All of which gives the report a decent measure of credibility when it claims that wearables manufacturers need to innovate along three axes:
Right now, most fitness wearables track the obvious: heart rate, or the number of steps someone takes. They don't provide answers to basic follow-up questions, like "how do I use this data?" or "so what?" Those still need to be answered by the consumer. Improving functionality can be challenging, because you have to be good at both hardware and software--and deliver real insights to users.
The Lumoback is cited as a useful example, and one with a novel purpose. You wear the Lumoback around your waist, and it prompts you to improve your posture throughout the day, whether you're sitting, standing, running or even sleeping.
Wear two different fitness trackers, and you'll likely get two very different accounts of your activity that day. This story in The New York Times suggests you may even be better off with an old-school pedometer. Obviously, wearables have to get better at collecting information, or at using algorithms to adjust for inaccuracies.
Reliability is a hurdle because of signal processing and other technical issues. There's also the not-so-small matter of U.S. Food and Drug Administration approval, which many companies think they can dodge. But if you want information from your wearable to be accepted by doctors, it's key.
One device that does this well is the Zio patch, which uses a proprietary and FDA-approved algorithm to detect heart arrhythmias.
Wearables need to be "passive, comfortable, and provide positive reinforcement to the user," says the report. The ideal wearable is powered by a long-lasting battery, or is easily recharged, and syncing must be simple. But to make a wearable truly convenient, you need expertise in packaging, industrial design, and user experience--another tricky set of skillsets to master.
The Misfit Shine fitness tracker gets singled out by Rock Court for convenience. It runs on a watch battery, so doesn't need to be recharged. It can be synced just by placing it on your smartphone. And it's waterproof, so you don't have to take it off to swim or shower.
A greenfield for health
All this makes it sound like there's great opportunity for entrepreneurs, and indeed there is. Except for one thing: There's no single platform that the industry has rallied around.

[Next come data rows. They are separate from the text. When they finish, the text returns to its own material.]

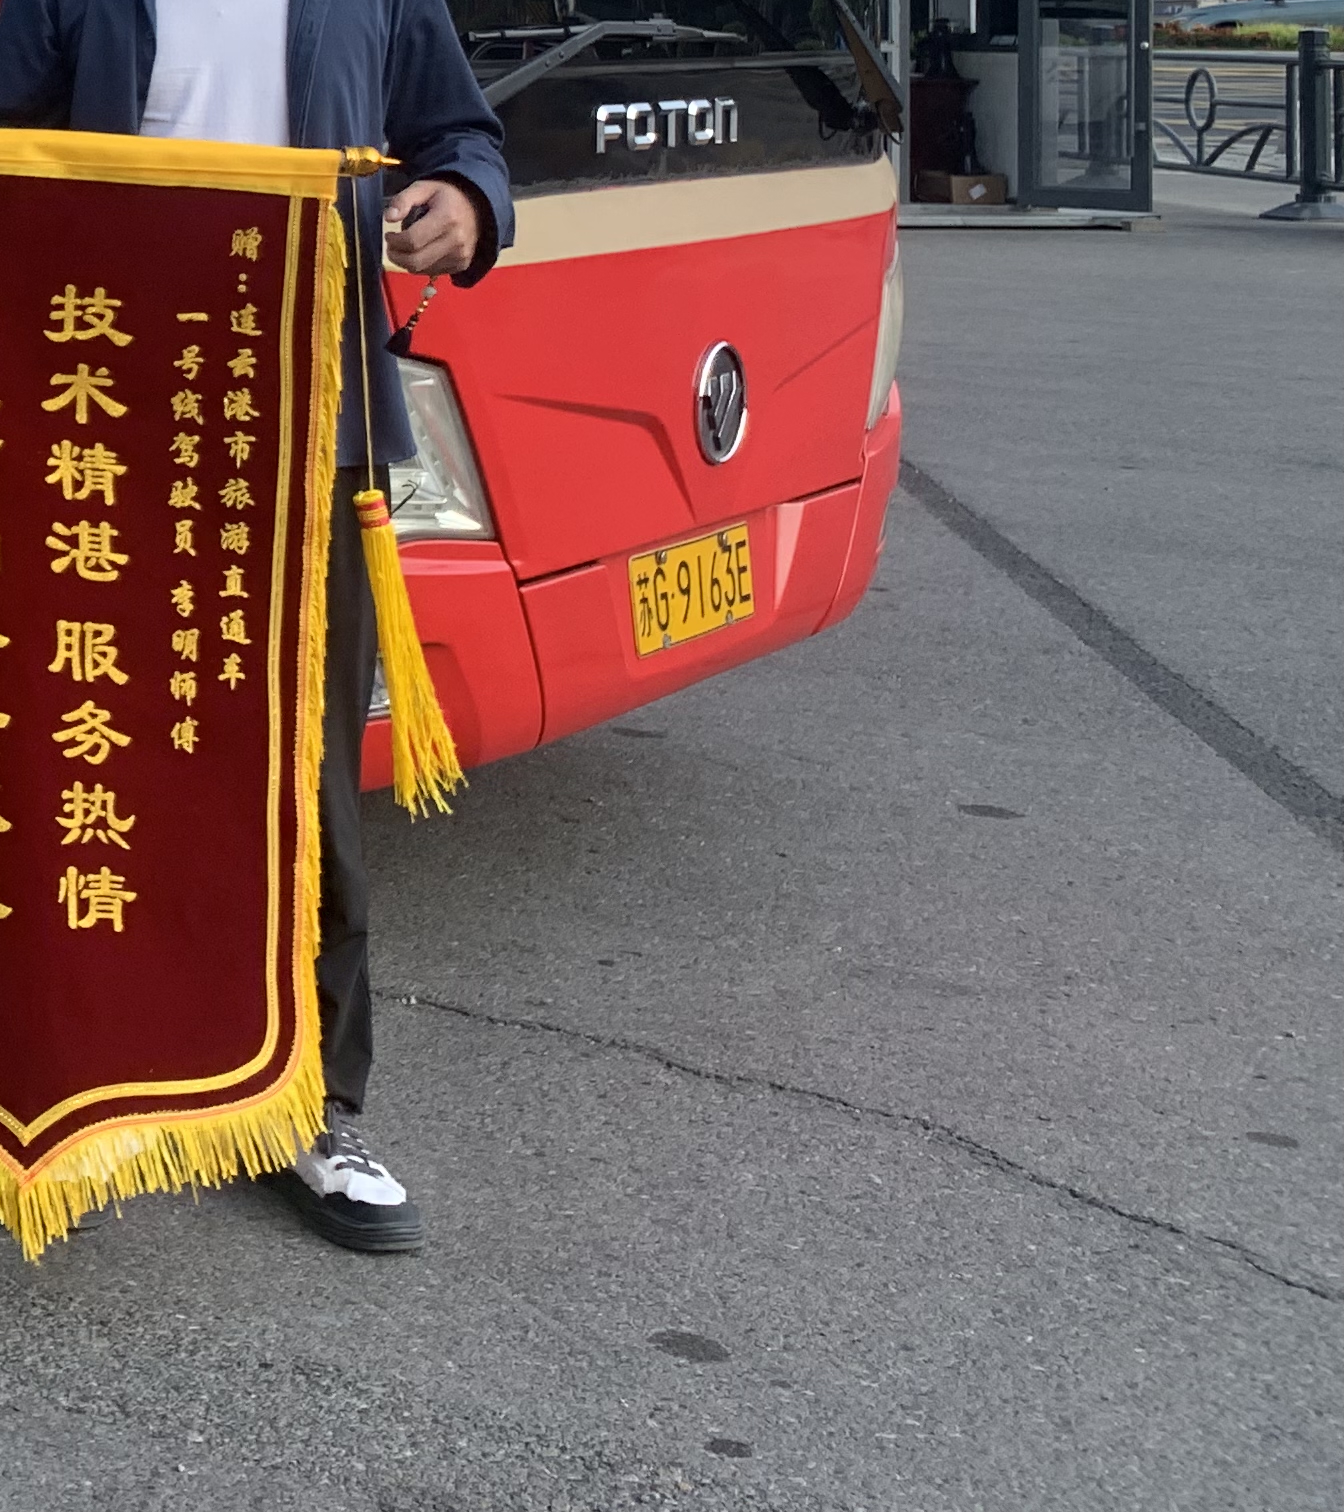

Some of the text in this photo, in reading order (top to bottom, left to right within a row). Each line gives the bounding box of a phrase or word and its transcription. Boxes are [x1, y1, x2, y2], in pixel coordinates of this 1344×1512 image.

[41, 284, 137, 933] 技术精湛 服务热情
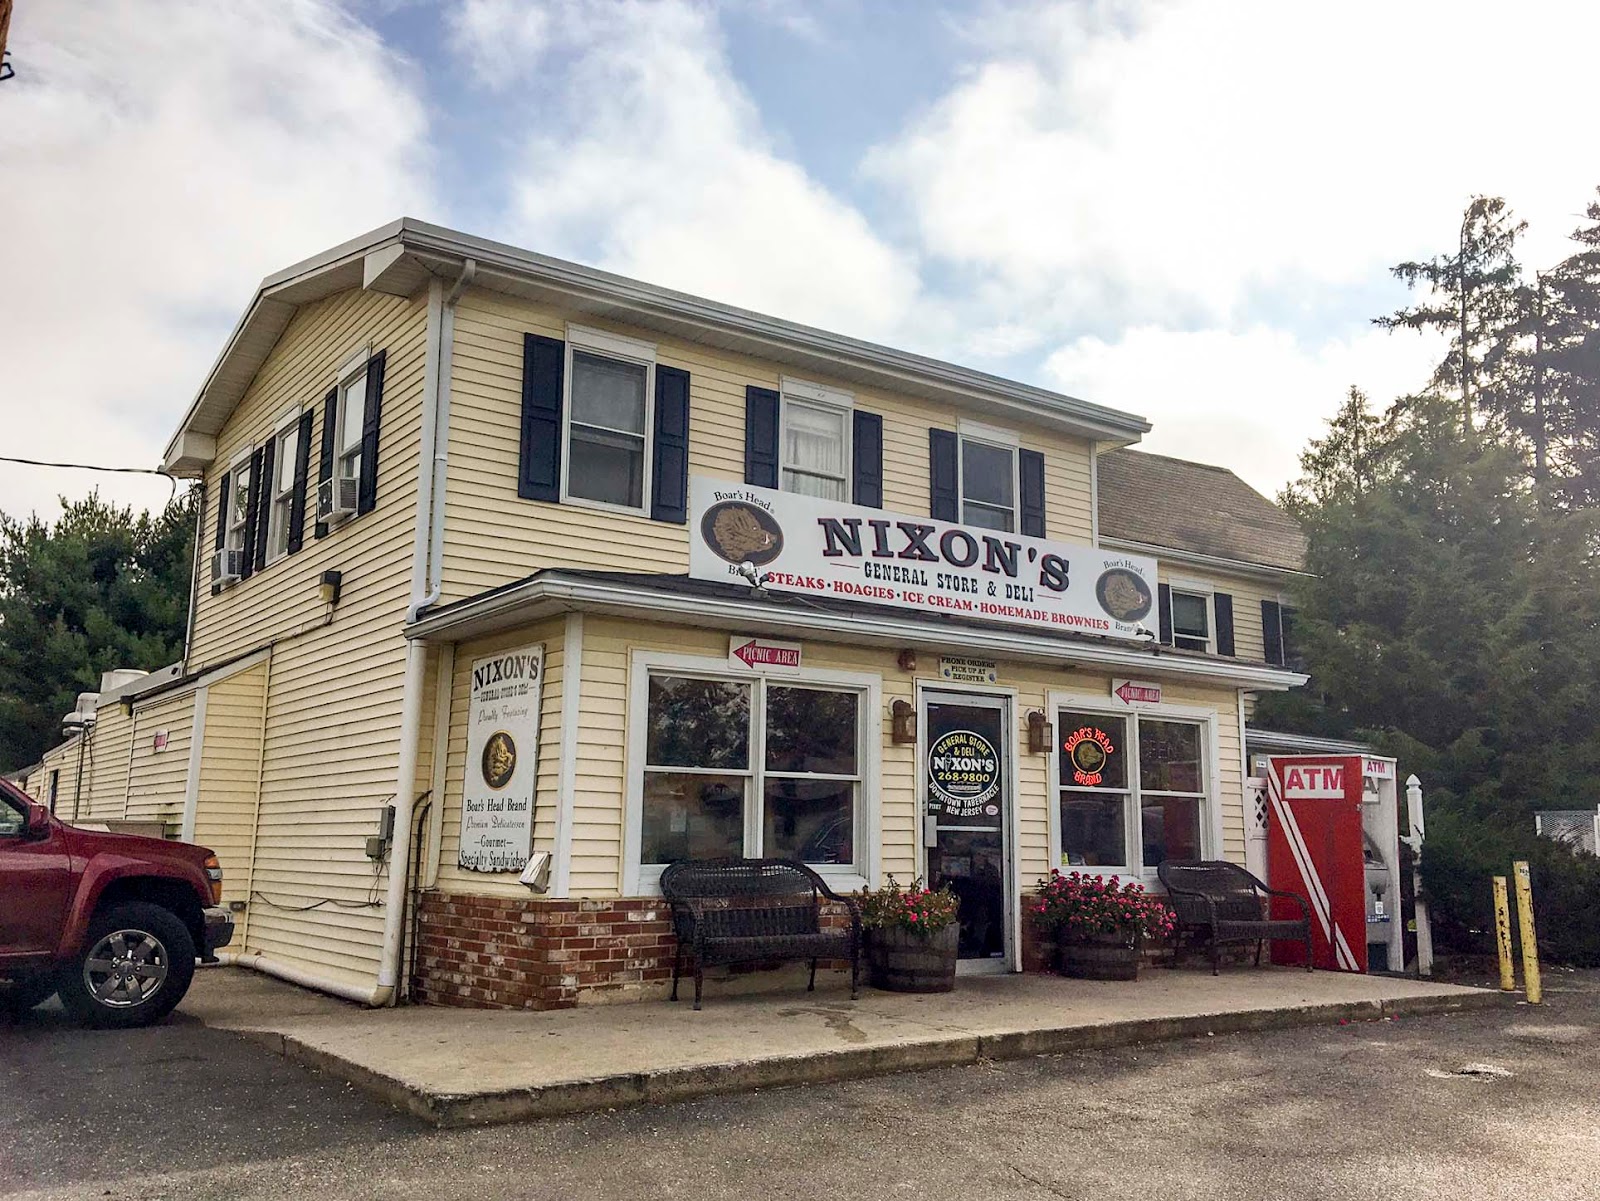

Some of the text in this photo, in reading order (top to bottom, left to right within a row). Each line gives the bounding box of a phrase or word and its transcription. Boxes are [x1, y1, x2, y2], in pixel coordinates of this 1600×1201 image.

[713, 490, 771, 511] Boar's Head
[816, 517, 1070, 593] NIXON'S
[1102, 559, 1143, 575] Boar's Head
[864, 561, 1034, 603] GENERAL STORE & DELI
[767, 571, 1110, 631] STEAKS HOAGIES ICE CREAM HOMEMADE BROWNIES
[742, 646, 798, 665] PICNIC AREA
[941, 656, 996, 669] PHONE ORDERS
[473, 655, 540, 693] NIXON'S
[1120, 686, 1160, 701] PICNIC AREA
[937, 734, 991, 757] GENERAL STORE
[1064, 727, 1114, 754] BOAR'S HEAD
[953, 746, 975, 757] & DELI
[1366, 760, 1386, 774] ATM
[937, 771, 990, 783] 268-9800
[1074, 770, 1102, 786] BRAND
[1285, 767, 1345, 791] ATM
[466, 796, 528, 812] Boar's Head Brand
[928, 781, 1000, 808] DOWNTOWN TABERNACLE
[946, 805, 960, 816] NEW
[960, 805, 983, 817] JERSEY
[480, 834, 507, 848] Gourmet
[460, 849, 528, 870] Specialty Sandwiches

That, says Rock Health, is where Apple and Samsung have huge advantages. Apple rolled out its health kit for developers at its Worldwide Developers' Conference June 2, as well as a partnership with health information systems provider Epic Health Systems and the Mayo Clinic. Samsung rolled out its Simband, a health tracker built on an open modular system, on May 28, and said it would partner with University of California to investigate uses for the device.
Once the industry chooses a platform, says the report, many large problems will be solved. Not only will a single platform attract more developers and consumers, but software companies won't need to design for specific devices. Hardware companies can then concentrate on a functionality, freed from the work of doing hardware, software, and integration themselves. Consumers, finally, will get more flexibility and more choice.
And, maybe, a wearable device they will use.